> _Dataset_
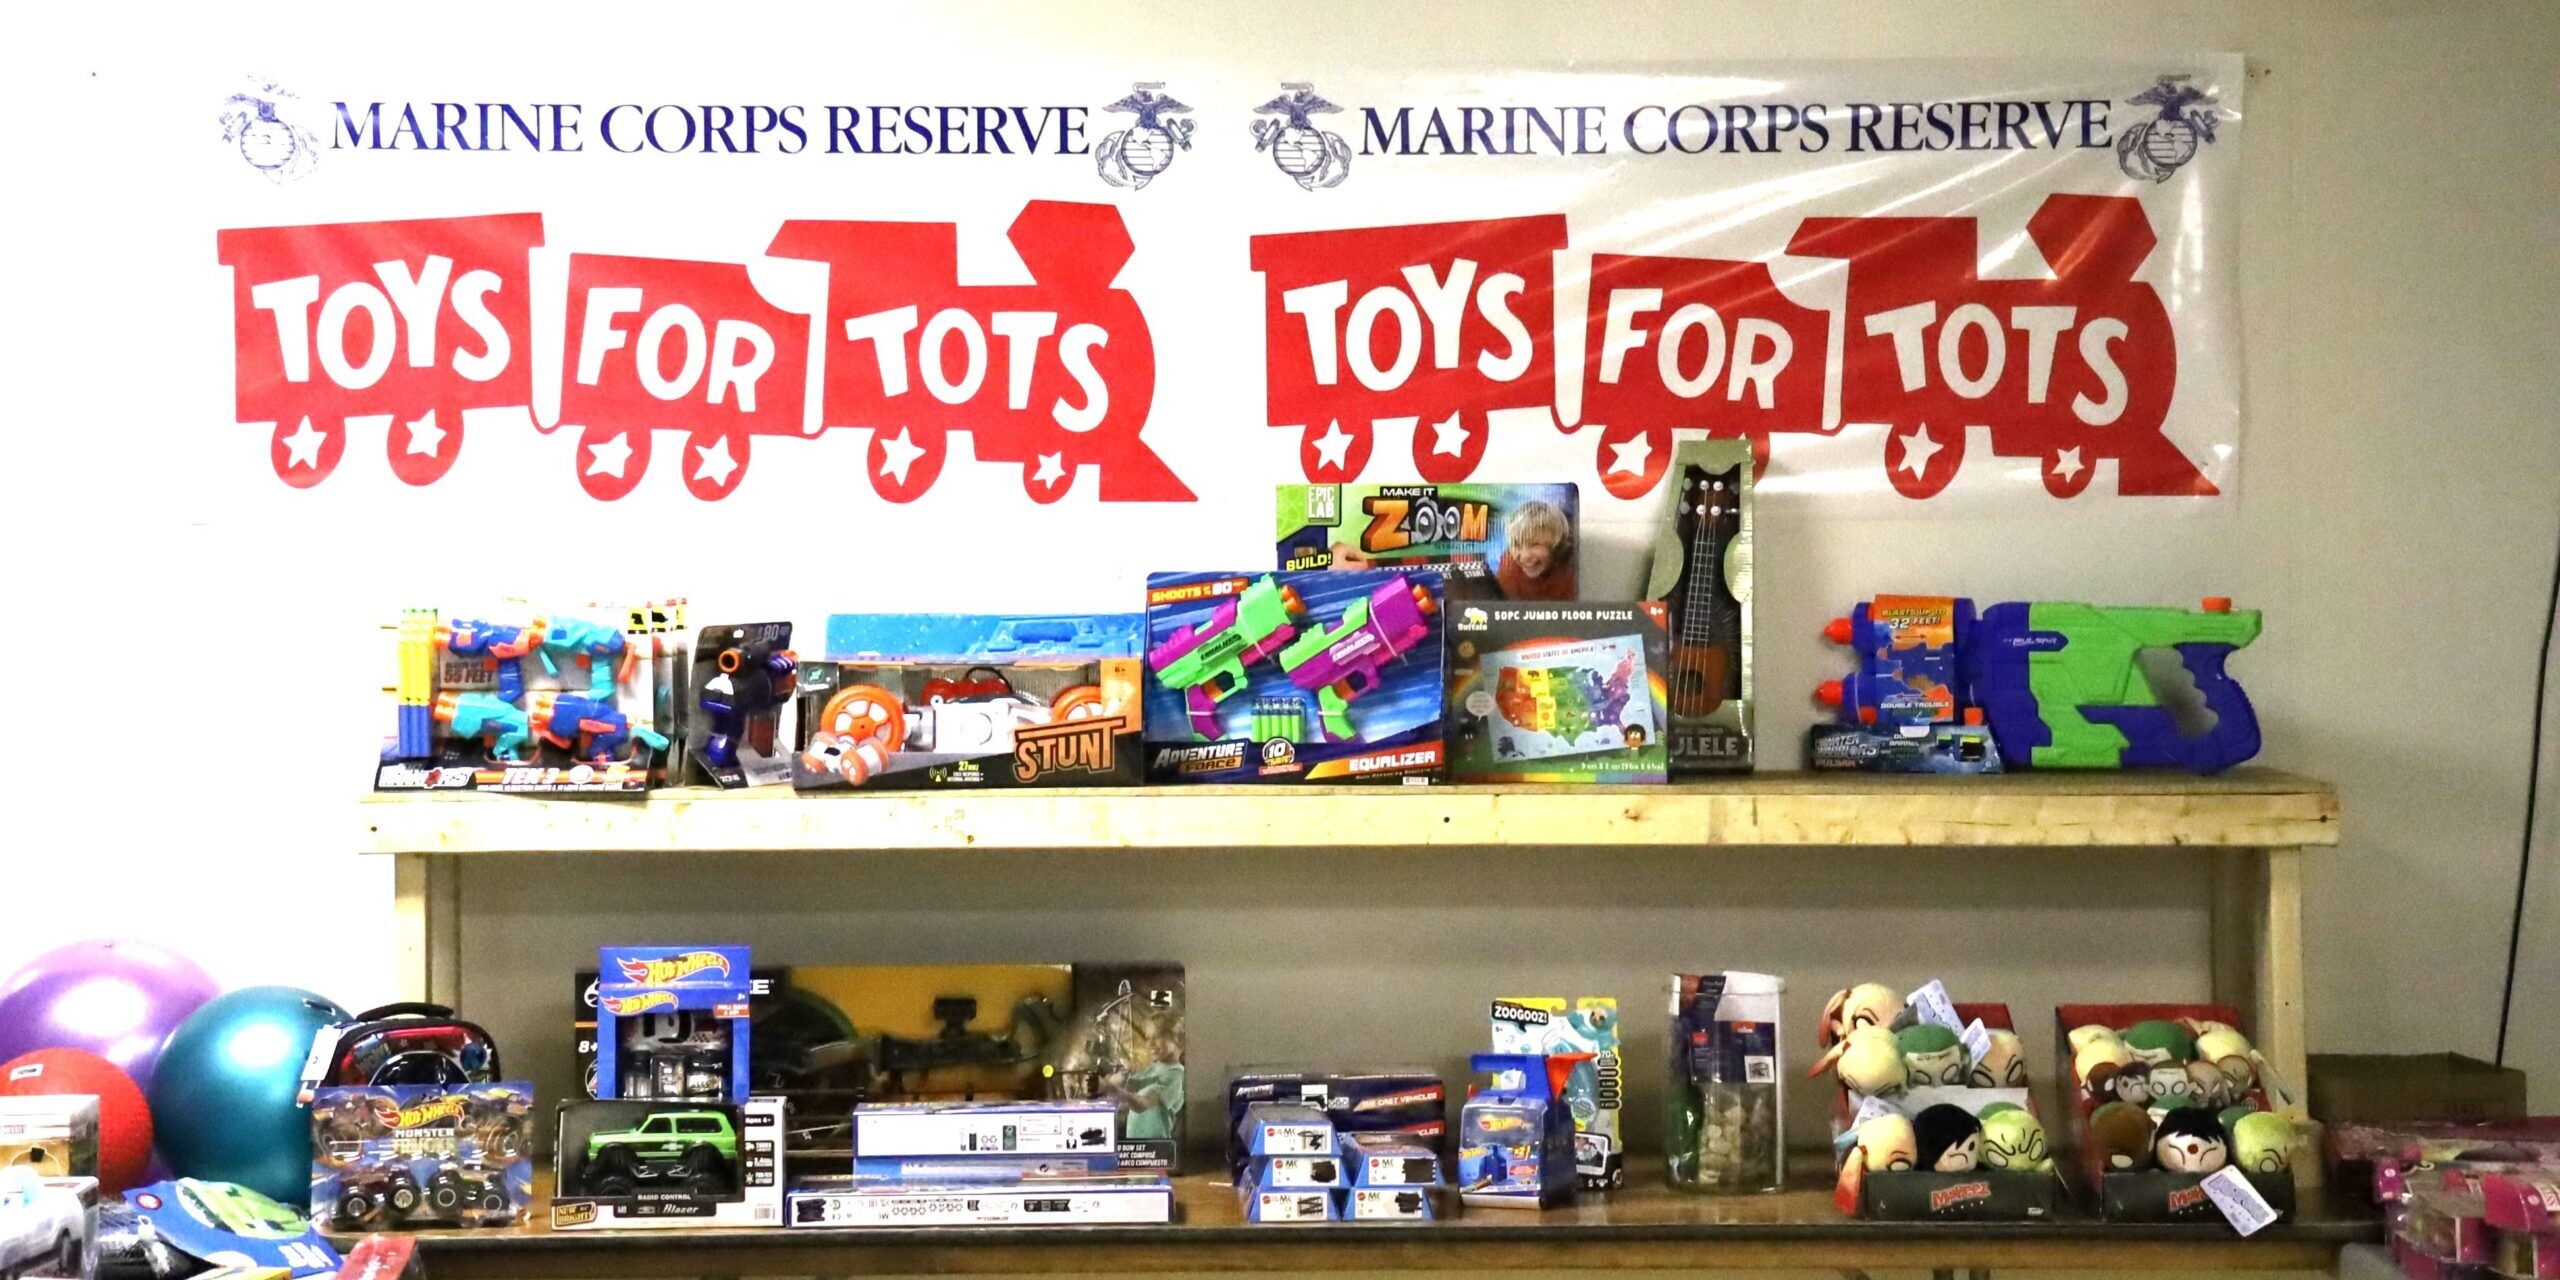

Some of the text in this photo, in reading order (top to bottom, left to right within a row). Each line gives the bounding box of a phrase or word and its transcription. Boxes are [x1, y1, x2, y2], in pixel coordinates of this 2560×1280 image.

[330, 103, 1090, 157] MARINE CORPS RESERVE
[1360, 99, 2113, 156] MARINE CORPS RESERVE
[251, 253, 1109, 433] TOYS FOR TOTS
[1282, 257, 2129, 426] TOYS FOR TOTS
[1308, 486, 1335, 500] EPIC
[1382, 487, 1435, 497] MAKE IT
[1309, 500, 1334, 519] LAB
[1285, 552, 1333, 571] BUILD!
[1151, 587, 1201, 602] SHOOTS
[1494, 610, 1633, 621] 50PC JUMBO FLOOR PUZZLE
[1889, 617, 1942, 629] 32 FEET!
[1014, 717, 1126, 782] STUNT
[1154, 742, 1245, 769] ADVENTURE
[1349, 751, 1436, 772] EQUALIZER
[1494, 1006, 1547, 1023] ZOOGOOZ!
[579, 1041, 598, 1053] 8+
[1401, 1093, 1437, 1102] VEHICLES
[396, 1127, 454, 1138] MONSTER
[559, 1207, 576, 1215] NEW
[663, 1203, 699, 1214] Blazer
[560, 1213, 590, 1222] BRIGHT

---

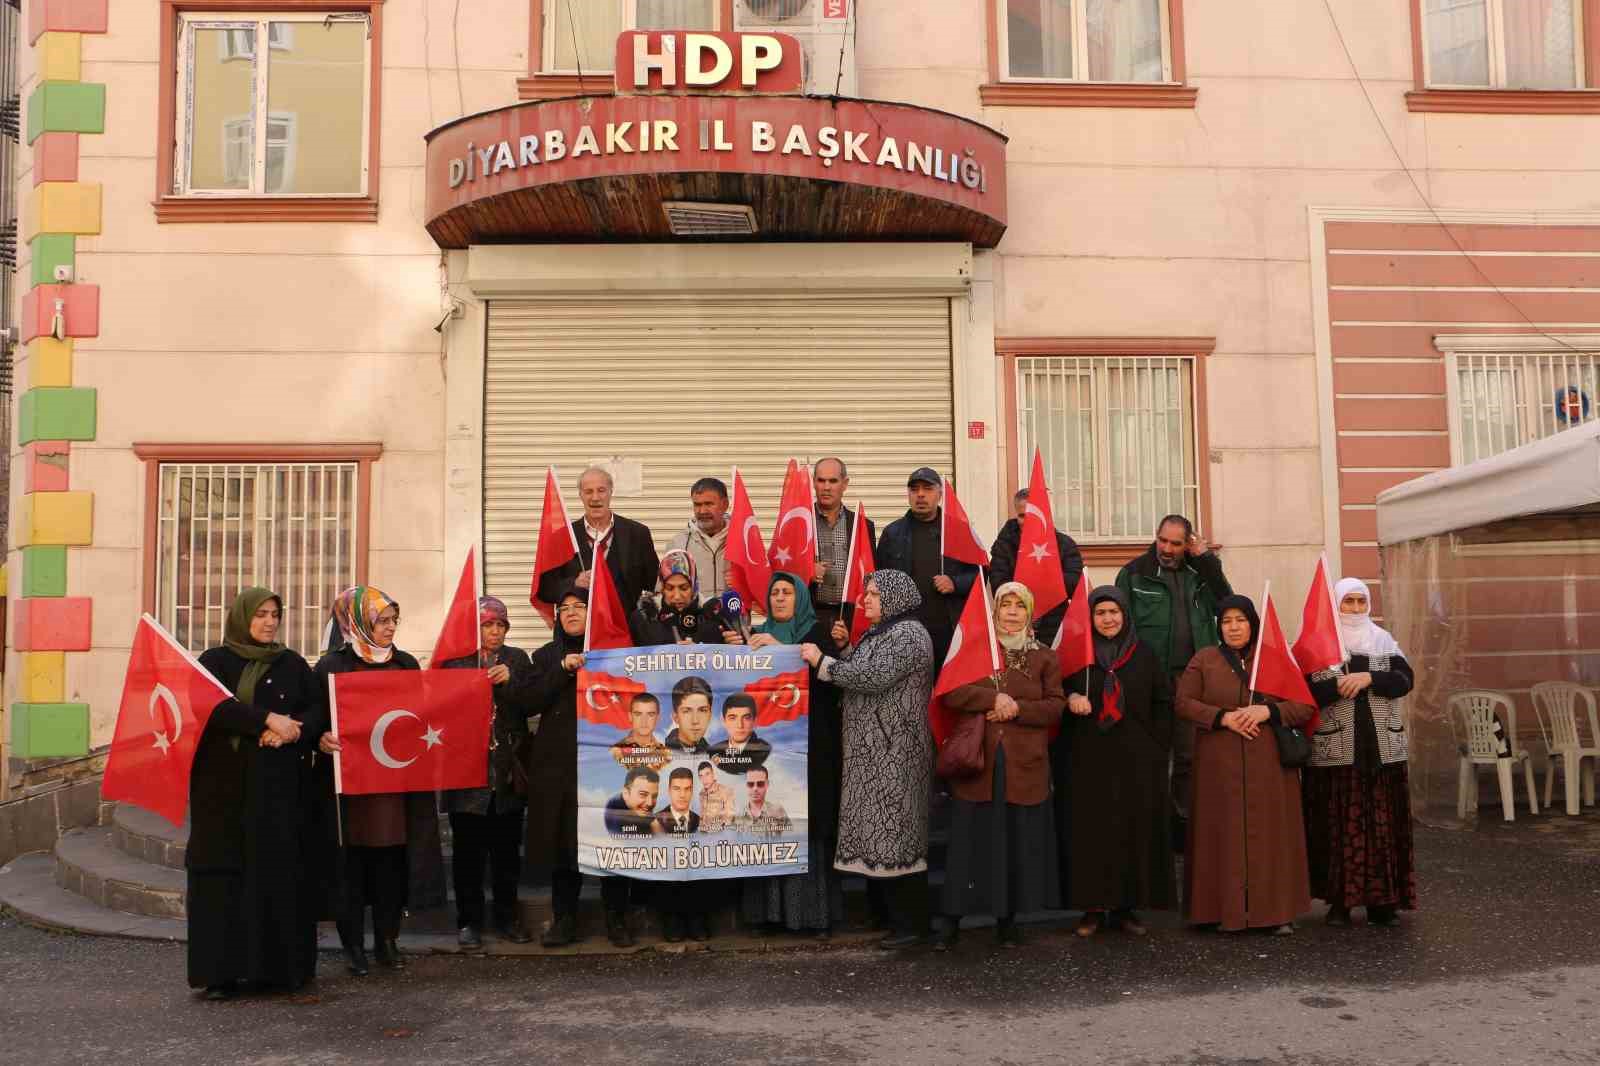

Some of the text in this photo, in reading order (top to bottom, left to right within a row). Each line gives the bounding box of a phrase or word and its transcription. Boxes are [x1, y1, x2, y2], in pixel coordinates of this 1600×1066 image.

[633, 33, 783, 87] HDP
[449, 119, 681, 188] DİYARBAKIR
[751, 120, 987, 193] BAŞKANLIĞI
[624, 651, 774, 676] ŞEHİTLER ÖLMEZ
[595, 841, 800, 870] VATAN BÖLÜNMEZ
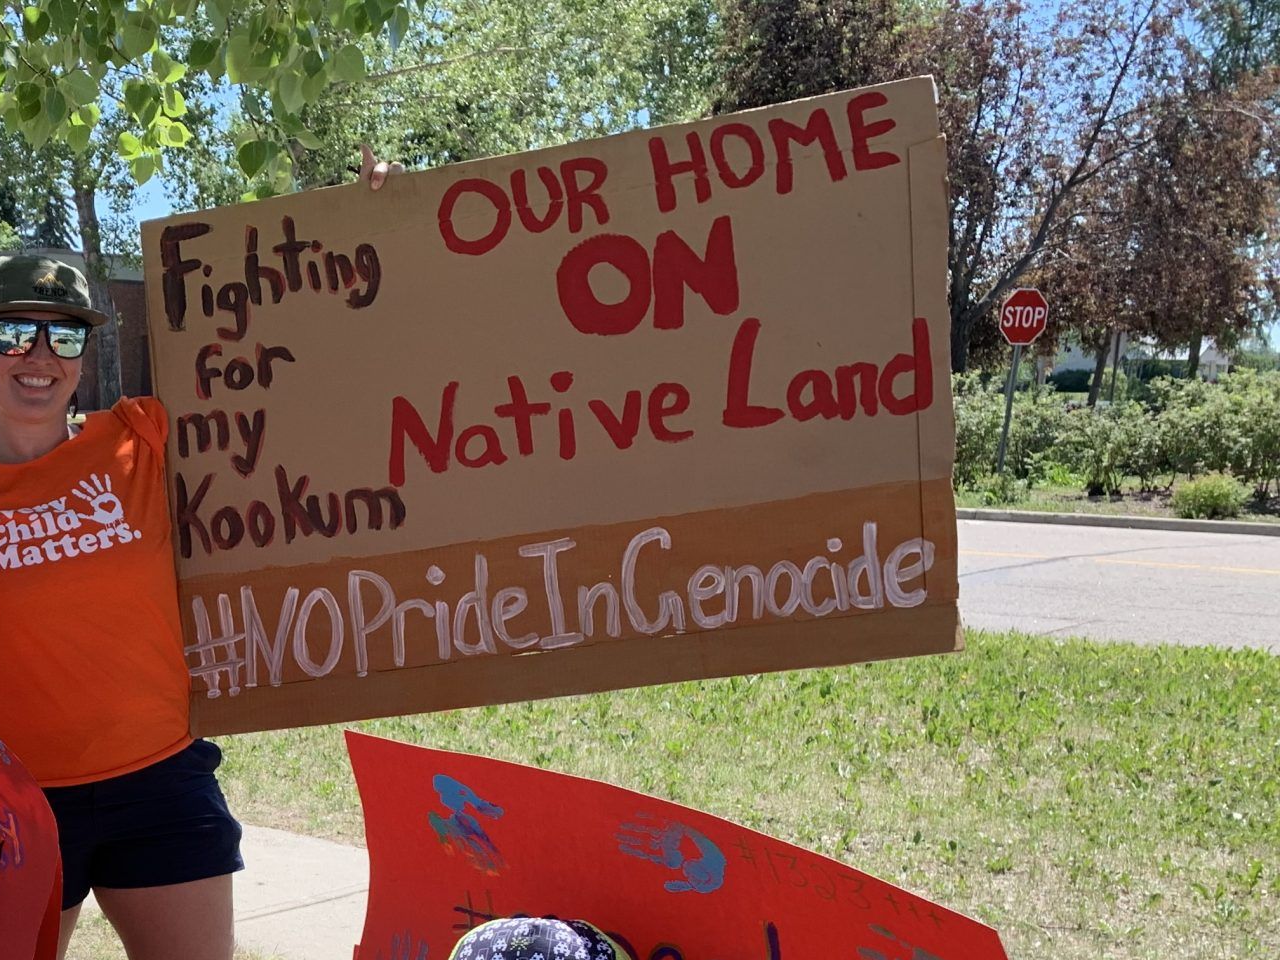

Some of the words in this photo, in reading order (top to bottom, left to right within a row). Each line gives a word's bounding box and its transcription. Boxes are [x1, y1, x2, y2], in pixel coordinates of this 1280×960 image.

> _Directions for this task_
What are the lines in the records above, word for word, from the one containing "this 1600×1066 image." through the one containing "Some of the words", both ends included and pictures left out?

> _Solution for this exercise_
Some of the text in this photo, in reading order (top to bottom, left to right within a row). Each line gives the bounding box of a phrase or word and its transcription. Boxes are [x1, y1, x2, y2], in pixel coordinates of this 1600×1066 image.

[633, 33, 783, 87] HDP
[449, 119, 681, 188] DİYARBAKIR
[751, 120, 987, 193] BAŞKANLIĞI
[624, 651, 774, 676] ŞEHİTLER ÖLMEZ
[595, 841, 800, 870] VATAN BÖLÜNMEZ

Some of the words in this photo, in reading order (top to bottom, left to right within a row). Each line gives a word's bounding box and its transcription. Boxes are [x1, y1, x2, y2], in pixel coordinates of this 1280×960 image.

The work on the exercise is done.